Excluding images, repeat the data exactly as given.
*** Material shown Section Begins ***
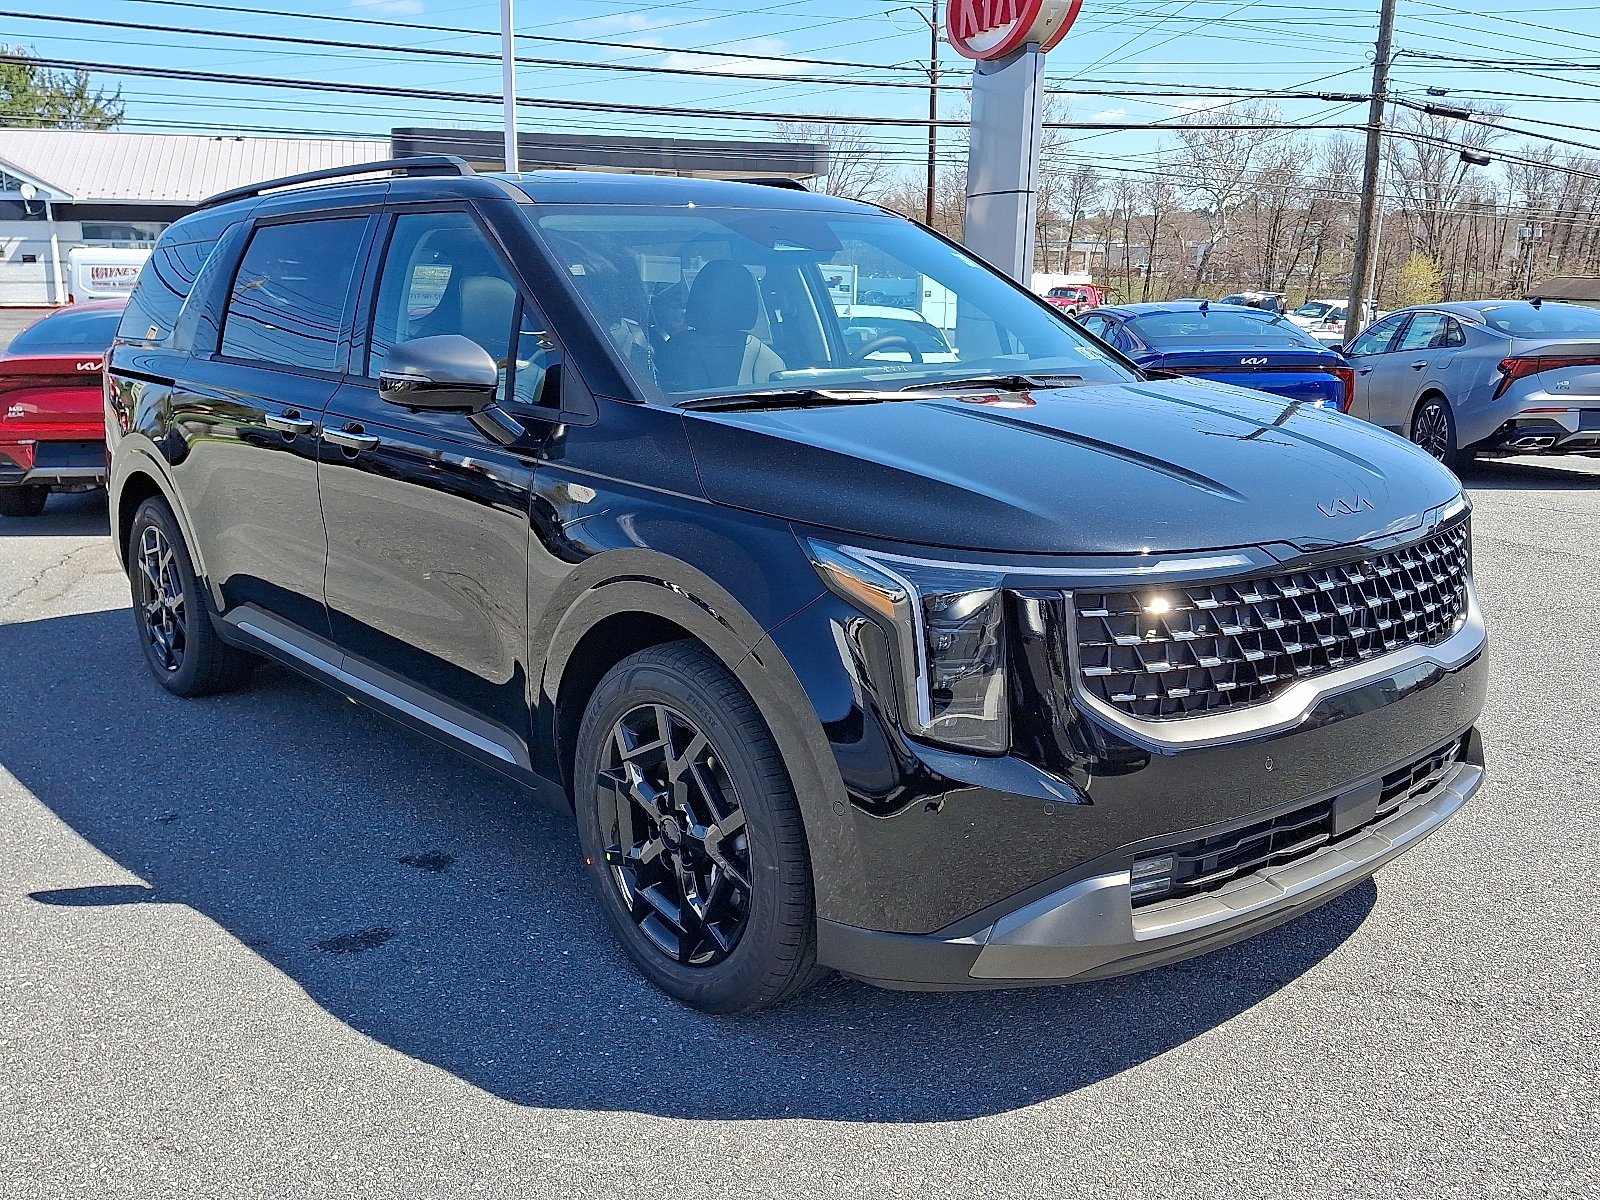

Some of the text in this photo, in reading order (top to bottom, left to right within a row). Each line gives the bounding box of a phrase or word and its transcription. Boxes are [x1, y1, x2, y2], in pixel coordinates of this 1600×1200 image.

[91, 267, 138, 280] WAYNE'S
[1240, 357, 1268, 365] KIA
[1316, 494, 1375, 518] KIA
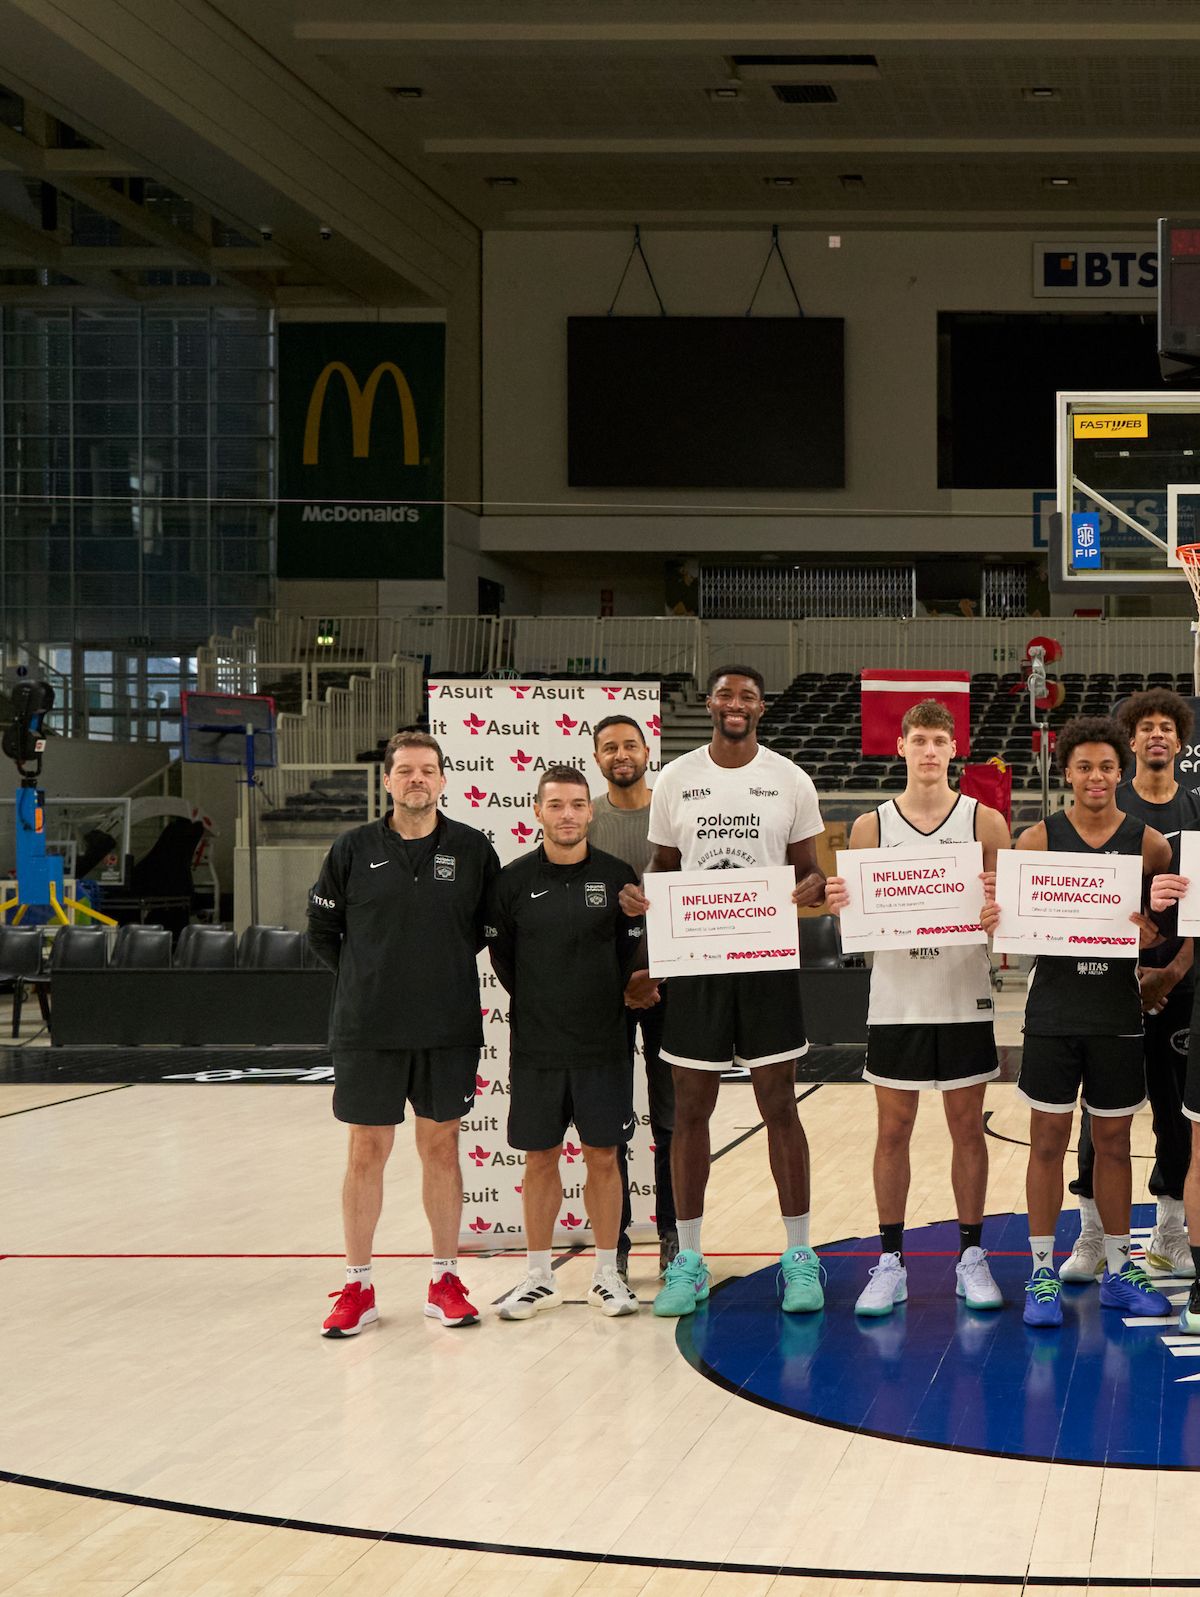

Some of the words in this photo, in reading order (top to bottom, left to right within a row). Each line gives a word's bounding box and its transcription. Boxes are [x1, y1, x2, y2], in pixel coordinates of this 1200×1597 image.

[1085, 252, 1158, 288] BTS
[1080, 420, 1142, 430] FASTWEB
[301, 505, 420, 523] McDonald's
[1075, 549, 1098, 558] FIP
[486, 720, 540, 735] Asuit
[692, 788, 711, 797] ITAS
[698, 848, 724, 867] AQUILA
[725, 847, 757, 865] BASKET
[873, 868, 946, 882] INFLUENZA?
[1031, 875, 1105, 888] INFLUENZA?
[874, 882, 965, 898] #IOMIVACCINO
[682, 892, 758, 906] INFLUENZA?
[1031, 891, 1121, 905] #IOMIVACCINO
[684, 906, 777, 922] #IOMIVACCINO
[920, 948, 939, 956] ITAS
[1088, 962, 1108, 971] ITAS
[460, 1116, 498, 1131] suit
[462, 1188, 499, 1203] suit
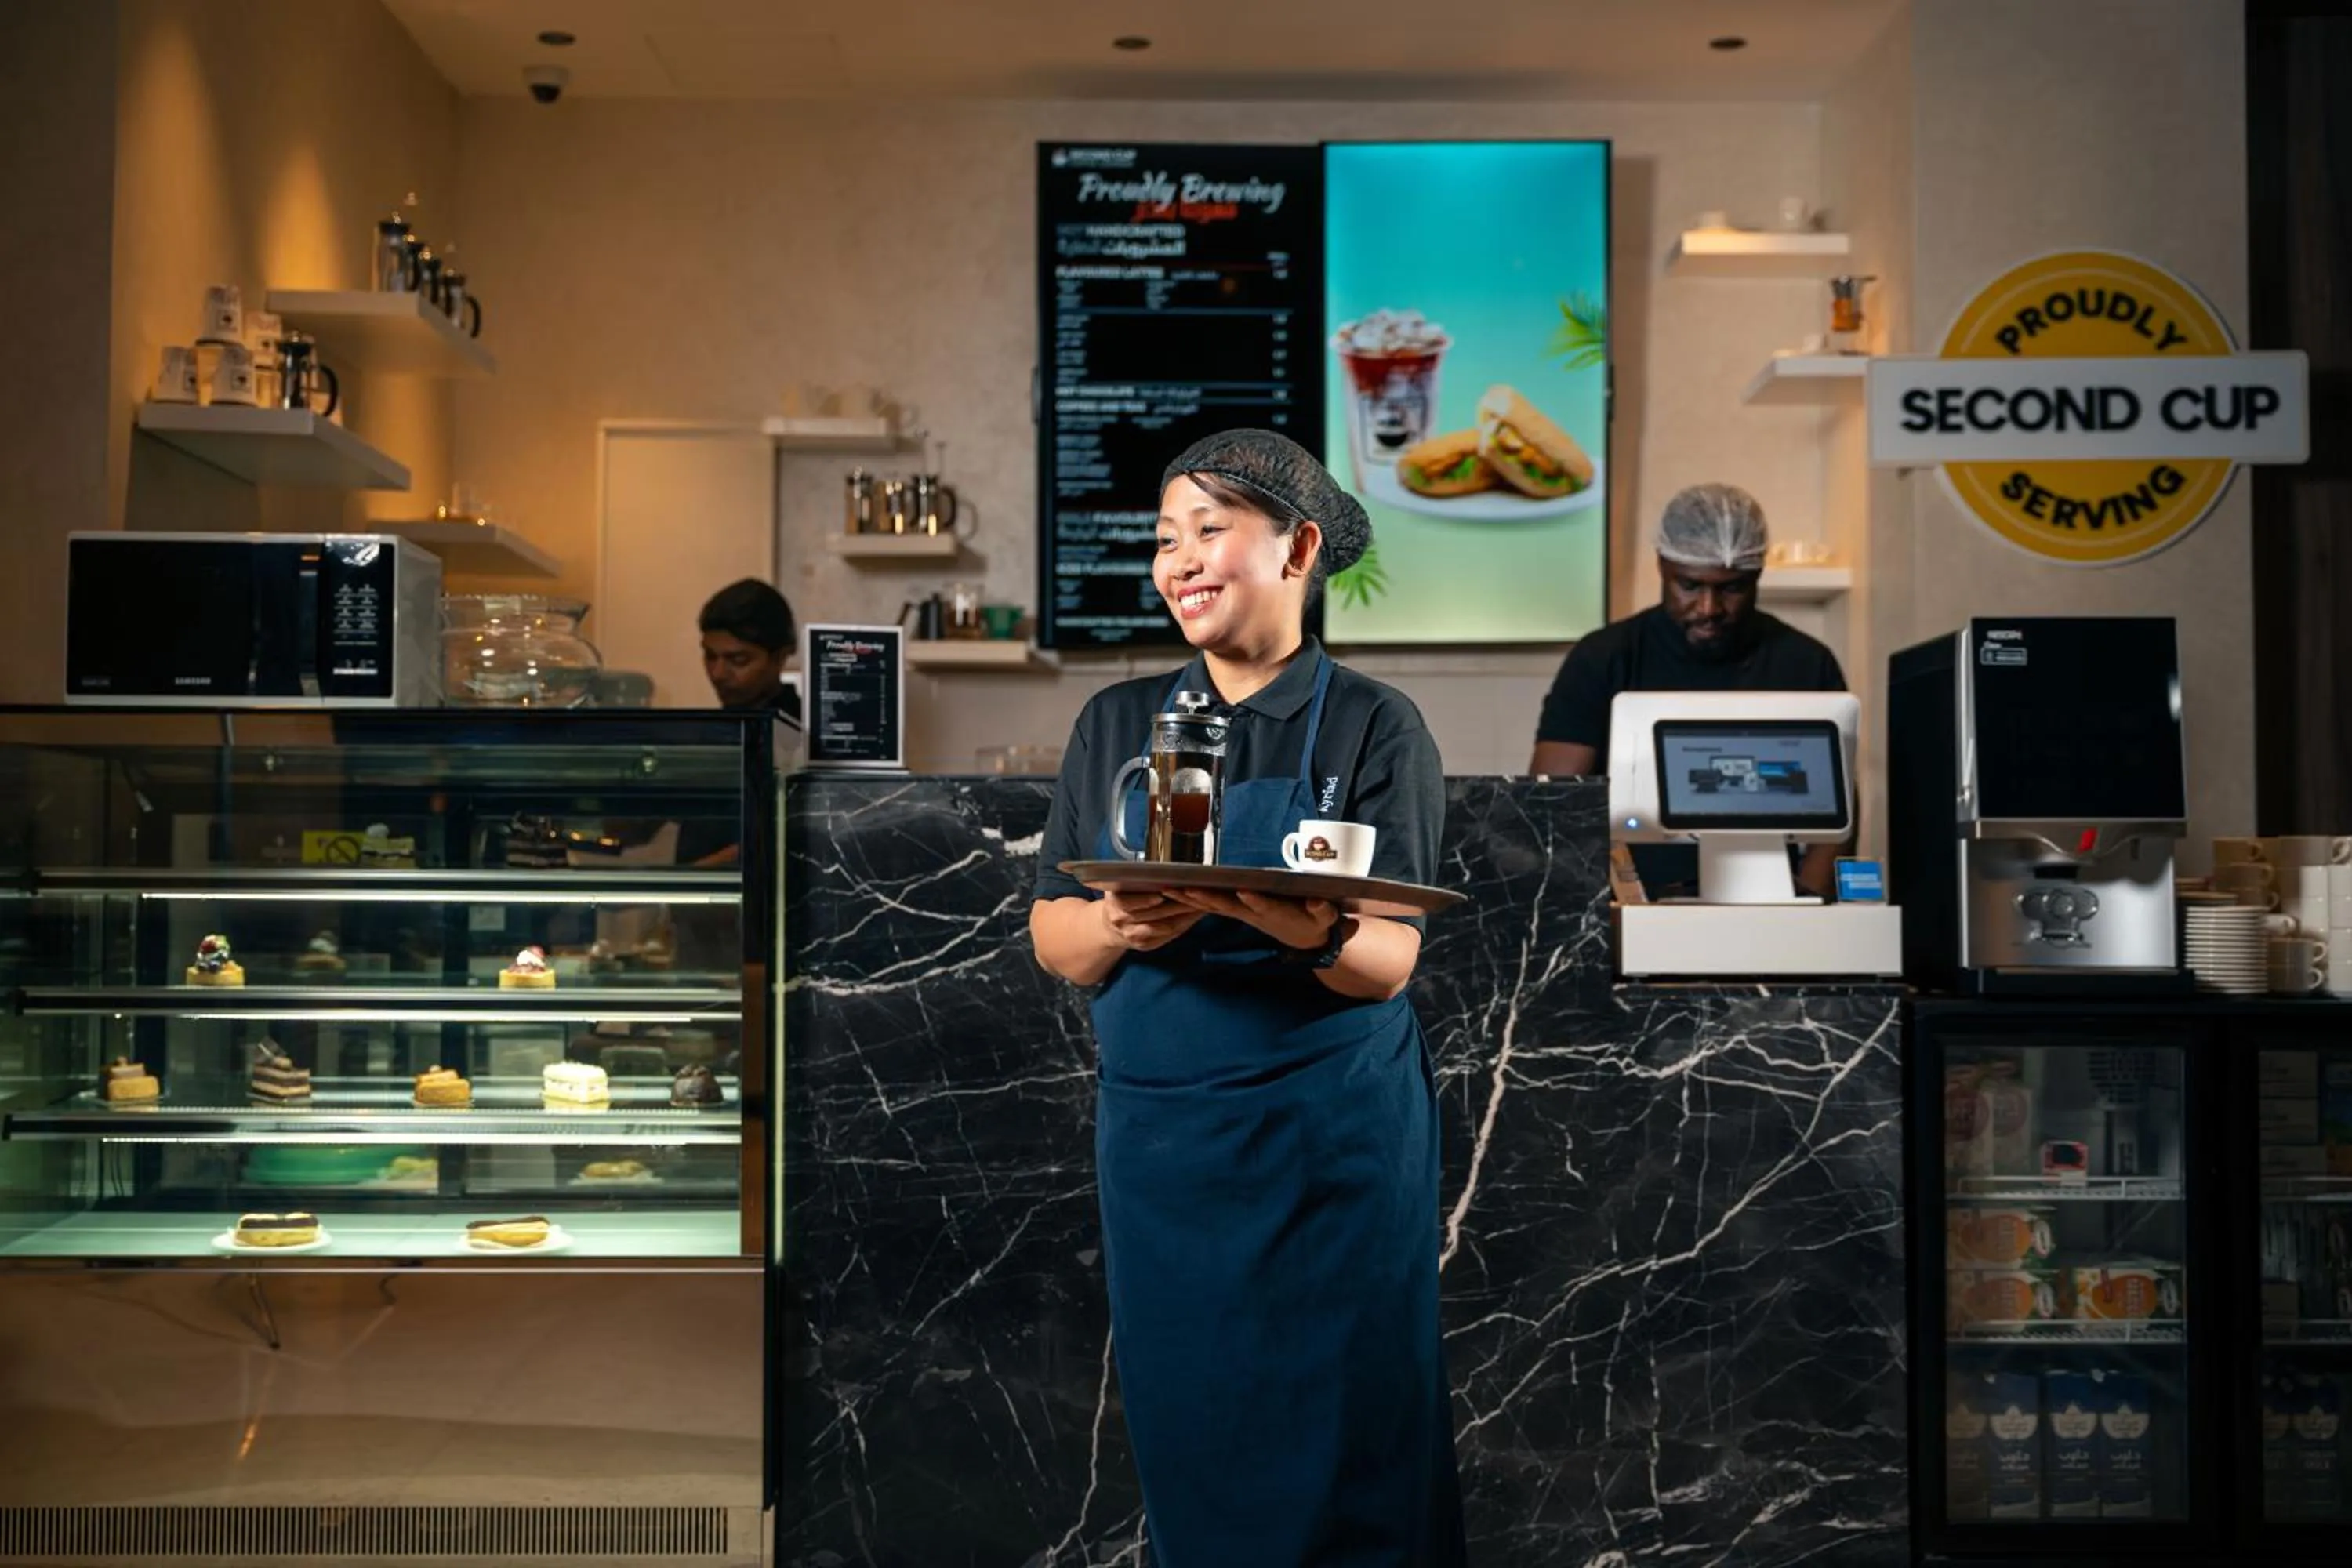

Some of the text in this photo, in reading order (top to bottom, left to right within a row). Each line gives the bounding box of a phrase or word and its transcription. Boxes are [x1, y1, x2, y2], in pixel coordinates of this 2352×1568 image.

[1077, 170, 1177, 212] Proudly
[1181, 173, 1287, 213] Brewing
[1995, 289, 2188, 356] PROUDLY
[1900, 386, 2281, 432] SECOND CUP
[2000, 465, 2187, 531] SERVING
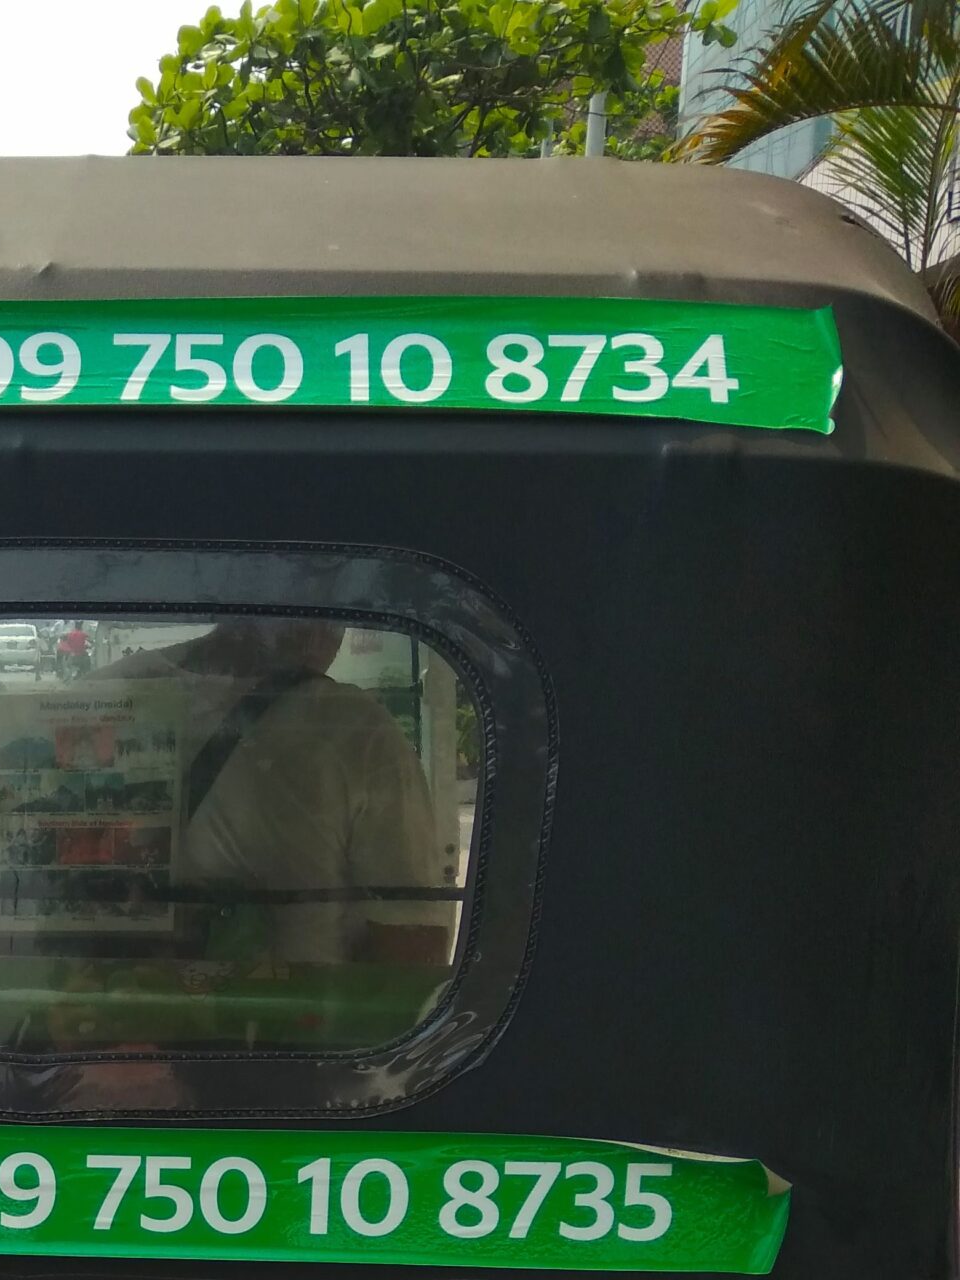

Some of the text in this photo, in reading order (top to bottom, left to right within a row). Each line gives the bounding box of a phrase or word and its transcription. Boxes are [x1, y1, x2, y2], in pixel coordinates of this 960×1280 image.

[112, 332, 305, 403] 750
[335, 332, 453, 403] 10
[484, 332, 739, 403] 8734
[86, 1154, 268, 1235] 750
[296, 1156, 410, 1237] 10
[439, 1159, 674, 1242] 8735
*** Material shown Section Ends ***
=== Result ===
Some of the text in this photo, in reading order (top to bottom, left to right within a row). Each line gives the bounding box of a phrase or word and its transcription. Boxes are [x1, y1, x2, y2], in pixel coordinates of this 1600×1200 image.

[91, 267, 138, 280] WAYNE'S
[1240, 357, 1268, 365] KIA
[1316, 494, 1375, 518] KIA

Some of the words in this photo, in reading order (top to bottom, left to right within a row). Each line gives a word's bounding box and its transcription. Boxes are [x1, y1, x2, y2], in pixel coordinates of this 1200×1597 image.

[1085, 252, 1158, 288] BTS
[1080, 420, 1142, 430] FASTWEB
[301, 505, 420, 523] McDonald's
[1075, 549, 1098, 558] FIP
[486, 720, 540, 735] Asuit
[692, 788, 711, 797] ITAS
[698, 848, 724, 867] AQUILA
[725, 847, 757, 865] BASKET
[873, 868, 946, 882] INFLUENZA?
[1031, 875, 1105, 888] INFLUENZA?
[874, 882, 965, 898] #IOMIVACCINO
[682, 892, 758, 906] INFLUENZA?
[1031, 891, 1121, 905] #IOMIVACCINO
[684, 906, 777, 922] #IOMIVACCINO
[920, 948, 939, 956] ITAS
[1088, 962, 1108, 971] ITAS
[460, 1116, 498, 1131] suit
[462, 1188, 499, 1203] suit

Some of the text in this photo, in reading order (top to bottom, left to right within a row). Each line gives the bounding box of a phrase or word and its transcription. Boxes are [x1, y1, x2, y2], in pixel coordinates of this 2352×1568 image.

[1077, 170, 1177, 212] Proudly
[1181, 173, 1287, 213] Brewing
[1995, 289, 2188, 356] PROUDLY
[1900, 386, 2281, 432] SECOND CUP
[2000, 465, 2187, 531] SERVING

Some of the text in this photo, in reading order (top to bottom, left to right within a row). Each line gives the bounding box of a phrase or word and its transcription. Boxes are [x1, y1, x2, y2], in pixel coordinates of this 960×1280 image.

[112, 332, 305, 403] 750
[335, 332, 453, 403] 10
[484, 332, 739, 403] 8734
[86, 1154, 268, 1235] 750
[296, 1156, 410, 1237] 10
[439, 1159, 674, 1242] 8735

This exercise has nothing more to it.